Health insurance went up 10.1 percent and the cost of medical care rose by 5.8 percent. Even the cost of funerals went up, by 5 percent.

The inflation picture would be even worse if weren't for China. The consumer goods that are now mostly being imported from that country have fallen in price -- clothing was down 0.4 percent, and footwear and furniture was down 0.9 percent. The price of toys fell by 4.7 percent.

We throw out these numbers because they are a sign of a condition we first saw back in the 1970s -- something economists call "stagflation," when you have rising prices and stagnant economic growth.

Stagflation is not easy to cure. When prices rise, it's usually due to rapid economic growth. The normal reaction of the Federal Reserve is to tighten the money supply and raise interest rates in the hope of cooling things down.

If you tighten things too much, you get a recession. The Fed's usual cure for a recession is to pump more money into the economy and cut interest rates.

With stagflation, however, neither cure works. Pump up demand, and you pump up prices. Try to put a damper on inflation, and you make the recession worse.

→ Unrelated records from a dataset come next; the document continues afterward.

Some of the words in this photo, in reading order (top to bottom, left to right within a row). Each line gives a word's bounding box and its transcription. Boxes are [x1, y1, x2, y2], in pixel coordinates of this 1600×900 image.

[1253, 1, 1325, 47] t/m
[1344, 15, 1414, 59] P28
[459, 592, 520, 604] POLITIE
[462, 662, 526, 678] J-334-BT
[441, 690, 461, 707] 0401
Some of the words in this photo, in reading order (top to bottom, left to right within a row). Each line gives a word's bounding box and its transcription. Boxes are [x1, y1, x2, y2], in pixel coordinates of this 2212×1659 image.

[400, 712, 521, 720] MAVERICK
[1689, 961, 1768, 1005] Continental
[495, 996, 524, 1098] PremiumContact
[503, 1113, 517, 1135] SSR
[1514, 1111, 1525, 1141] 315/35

Stagflation persisted from the start of the first Arab oil embargo in the fall of 1973 to the end of the 1981-82 recession. Sharp increases in the price of oil due to supply disruptions by OPEC caused much of the problem.

The huge runup in oil prices over the past year or so is reminiscent of that period. And when something on which the economy is totally dependent rises in price, everything else rises in price too. To the rising price of oil we can add the continued drain of our wars in Iraq and Afghanistan -- more than $600 billion and counting.

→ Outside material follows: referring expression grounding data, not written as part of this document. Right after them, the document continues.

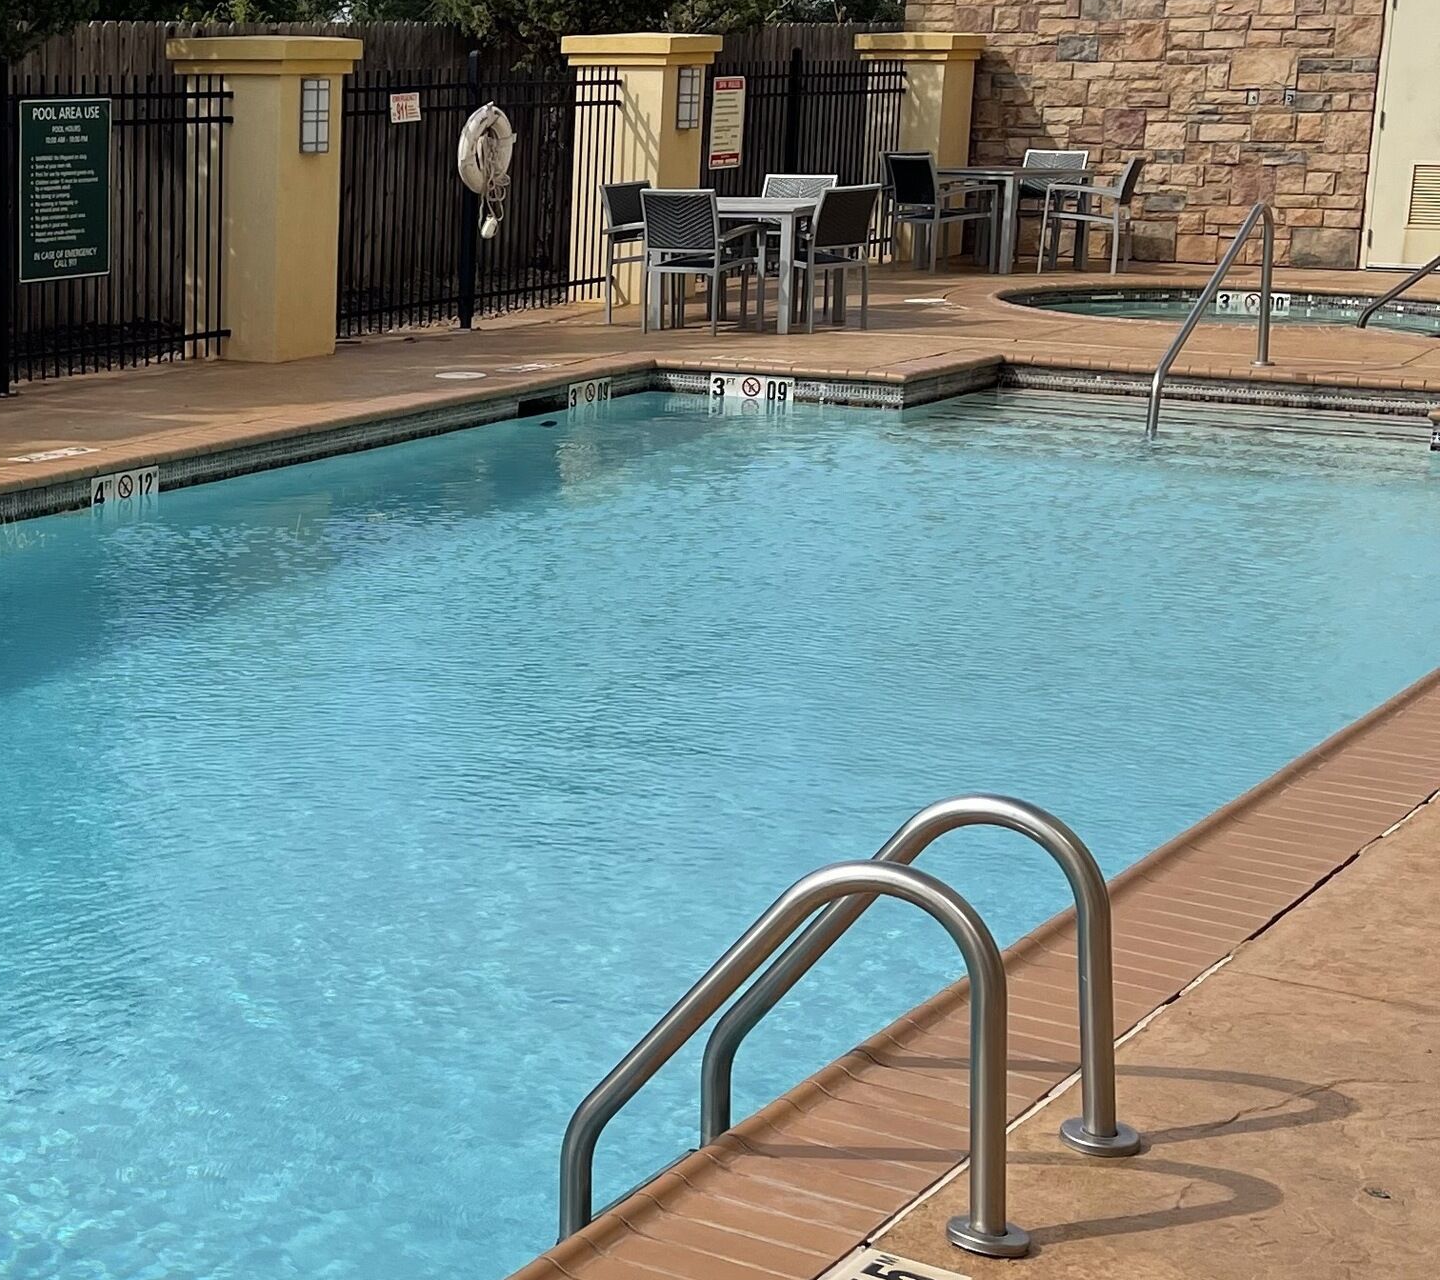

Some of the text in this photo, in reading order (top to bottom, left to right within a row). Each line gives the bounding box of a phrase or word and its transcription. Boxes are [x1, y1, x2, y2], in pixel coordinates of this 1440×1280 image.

[32, 106, 100, 120] POOL AREA USE
[33, 247, 97, 261] IN CASE OF EMERGENCY
[53, 259, 67, 268] CALL
[712, 377, 726, 396] 3
[93, 481, 105, 504] 4

Through much of the 1970s, the annual rate of inflation hovered around 10 percent. It took a punishing round of interest rate hikes and contraction of the money supply by the Federal Reserve in the early 1980s to bring inflation down to the 2-4 percent norm that we've been used to for the past 20 years.

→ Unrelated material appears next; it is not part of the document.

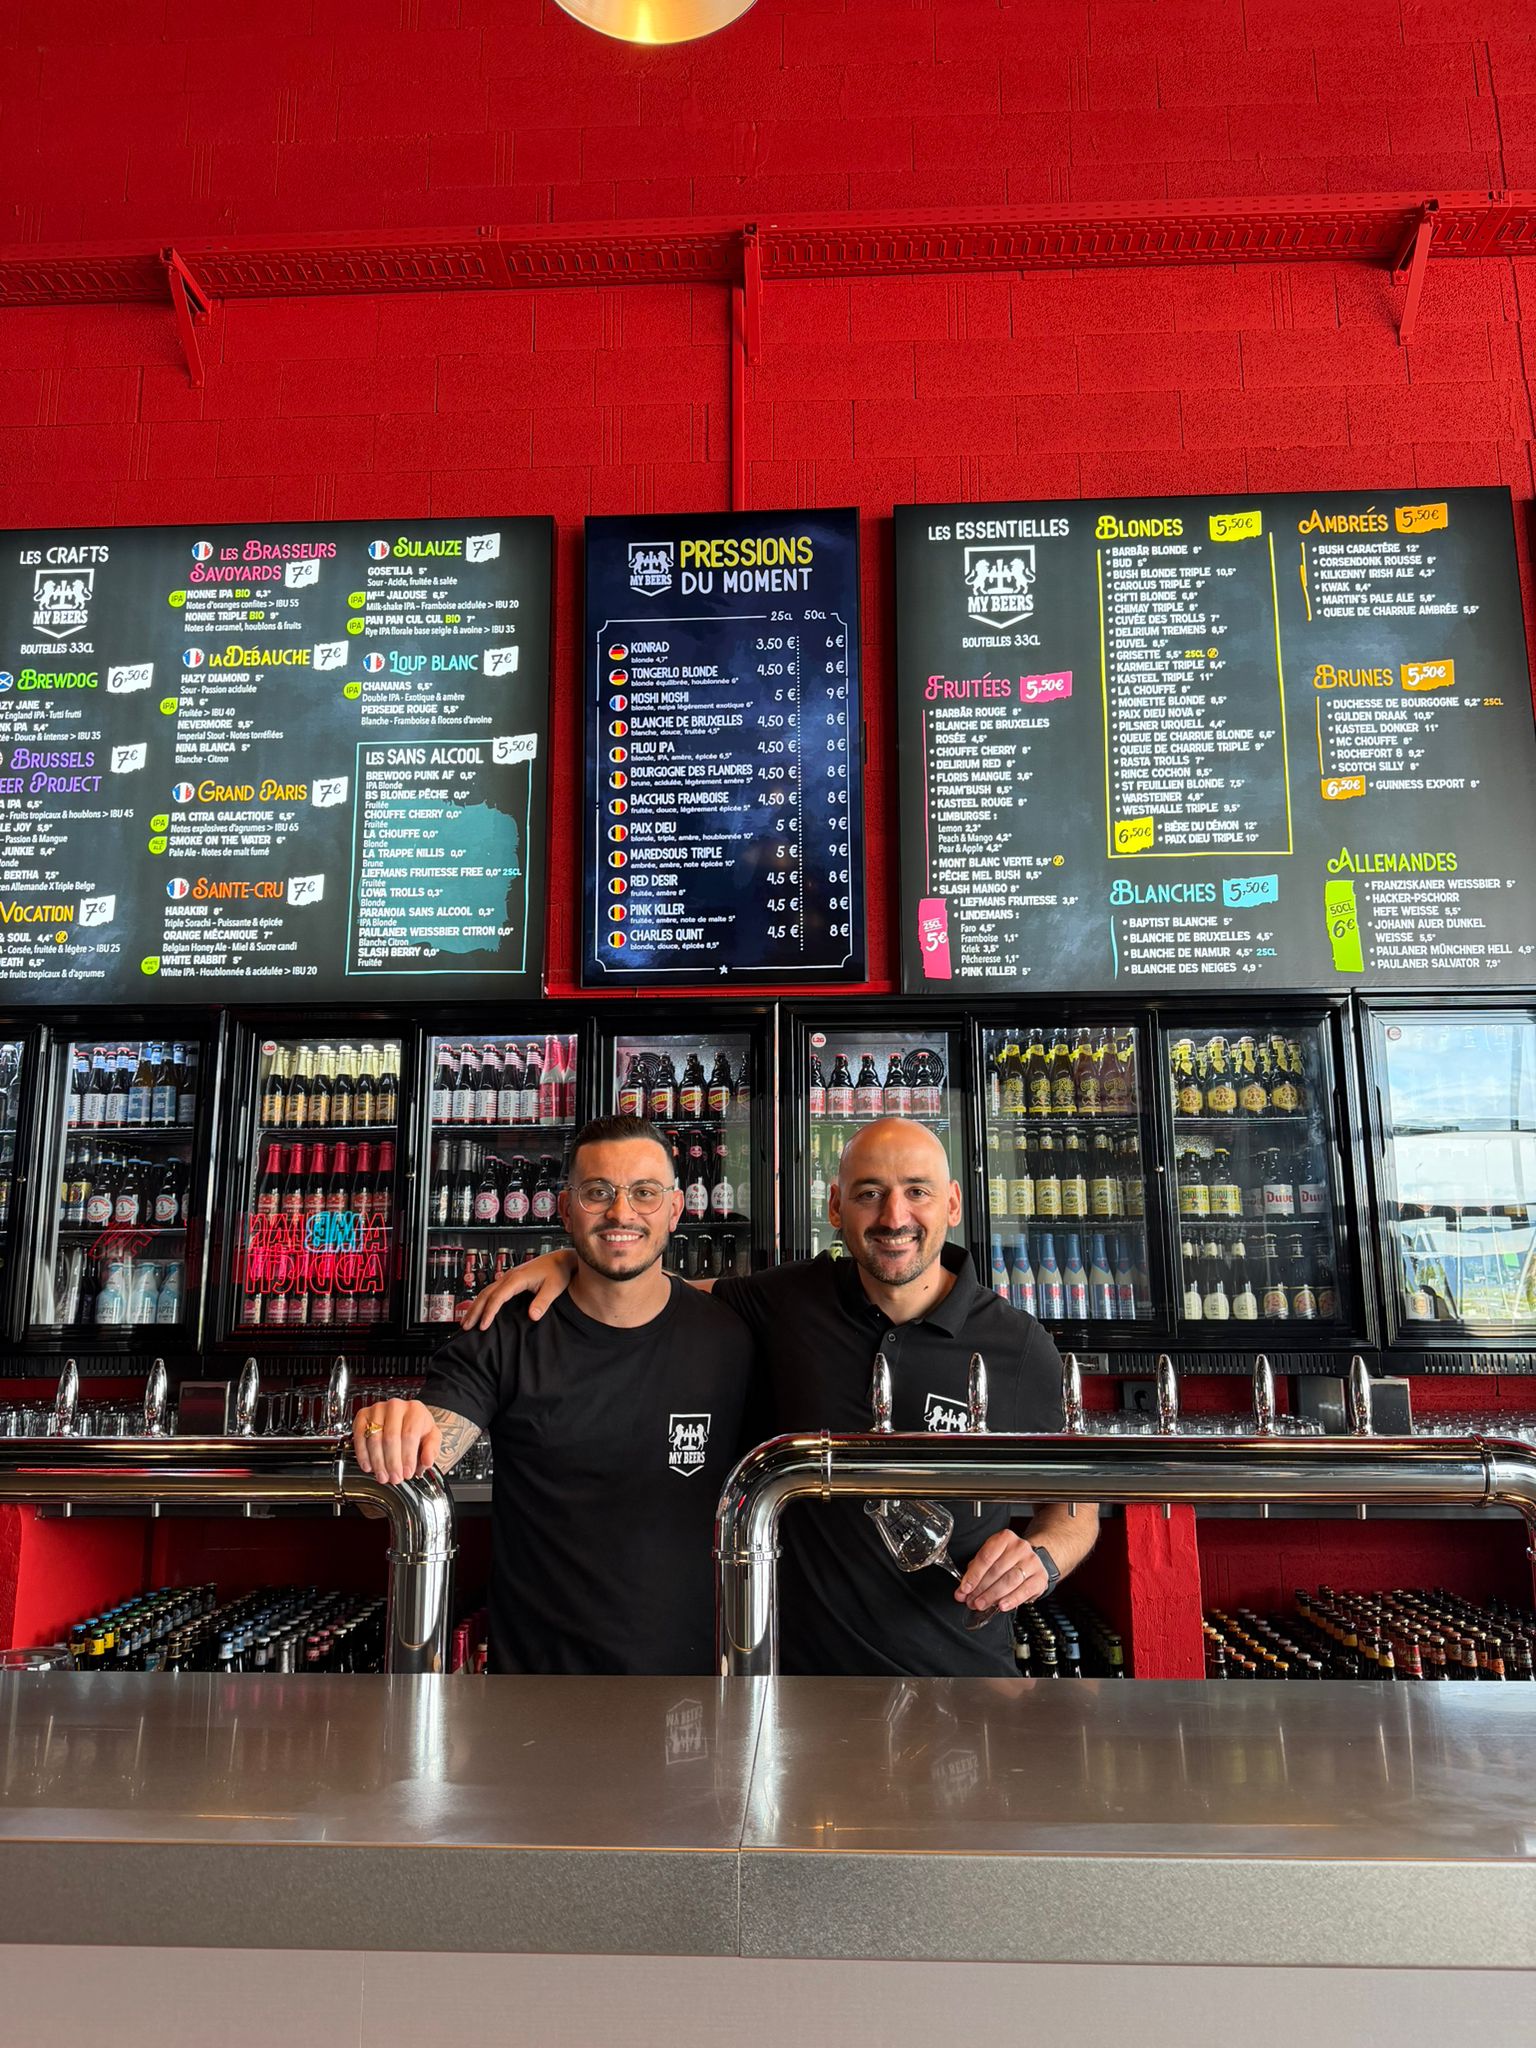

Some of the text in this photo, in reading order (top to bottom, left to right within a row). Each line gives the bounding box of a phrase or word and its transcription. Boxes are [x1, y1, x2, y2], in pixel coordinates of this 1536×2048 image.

Interest rates rose to their highest levels since the Civil War. In June 1982, the prime rate -- the benchmark for mortgages and consumer loans was 21.5 percent.

The Feds decision to raise interest rate helped kill inflation, but at a cost of massive unemployment and bankruptcies -- on a scale that hadn't been seen since the Great Depression five decades earlier.

Anyone who lived through the 1981-82 recession remembers how painful that era was. They remember how many factories closed down and how many homes and business were foreclosed upon. They remember when 12 million Americans were unemployed. The country eventually rebounded from that recession, but there were sectors of the American economy -- particularly in manufacturing -- that never recovered.

Are we entering into another painful economic crunch? It looks more and more likely. Consumer spending is falling because people are paying so much more for the basics of life that they have little discretionary income. Every economic indicator is showing trouble ahead.

The economic stimulus plan proposed by the Bush administration will likely be too little and too late. It's hard to say if the interest rate cuts and additional increases to the money supply that the Federal Reserve is considering will make a difference either. And relying on foreign capital to shore up our financial institutions is not desirable.

Given the memories of recessions past and the lack of any sort of cushion for most Americans if we see times as bad as the early 1980s, it is no wonder that the economy has jumped to the top of the list of voters' concerns in this election year. What will happen next is anyone's guess.